◆ Exercise description ◆
Show each line of the data below in which "STRATFORD" occurs.

◆ Task inputs ◆
┄┄┄┄┄┄┄┄┄┄

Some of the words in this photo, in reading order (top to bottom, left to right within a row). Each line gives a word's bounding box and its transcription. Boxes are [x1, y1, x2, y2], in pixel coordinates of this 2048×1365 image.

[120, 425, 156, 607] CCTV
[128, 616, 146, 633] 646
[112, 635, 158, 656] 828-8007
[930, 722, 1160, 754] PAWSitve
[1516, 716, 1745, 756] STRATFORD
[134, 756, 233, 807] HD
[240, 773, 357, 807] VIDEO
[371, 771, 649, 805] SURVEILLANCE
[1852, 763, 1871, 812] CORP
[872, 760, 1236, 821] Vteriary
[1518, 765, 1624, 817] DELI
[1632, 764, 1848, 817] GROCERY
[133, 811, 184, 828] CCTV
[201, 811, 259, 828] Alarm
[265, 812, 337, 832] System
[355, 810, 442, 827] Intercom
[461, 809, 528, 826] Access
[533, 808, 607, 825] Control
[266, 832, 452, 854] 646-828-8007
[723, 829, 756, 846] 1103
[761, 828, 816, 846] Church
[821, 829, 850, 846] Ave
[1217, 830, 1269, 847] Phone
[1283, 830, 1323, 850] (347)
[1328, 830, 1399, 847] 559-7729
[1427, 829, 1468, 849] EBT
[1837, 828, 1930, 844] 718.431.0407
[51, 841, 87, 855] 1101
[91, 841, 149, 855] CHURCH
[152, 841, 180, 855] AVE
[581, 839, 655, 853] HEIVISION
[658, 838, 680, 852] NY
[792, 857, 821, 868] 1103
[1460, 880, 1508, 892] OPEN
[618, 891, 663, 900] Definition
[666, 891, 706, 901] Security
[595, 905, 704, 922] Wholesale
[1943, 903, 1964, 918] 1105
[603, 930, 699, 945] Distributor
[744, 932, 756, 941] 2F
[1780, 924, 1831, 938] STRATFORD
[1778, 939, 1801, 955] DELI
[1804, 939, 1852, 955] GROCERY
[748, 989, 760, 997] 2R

┄┄┄┄┄┄┄┄┄┄

◆ Answer ◆
[1516, 716, 1745, 756] STRATFORD
[1780, 924, 1831, 938] STRATFORD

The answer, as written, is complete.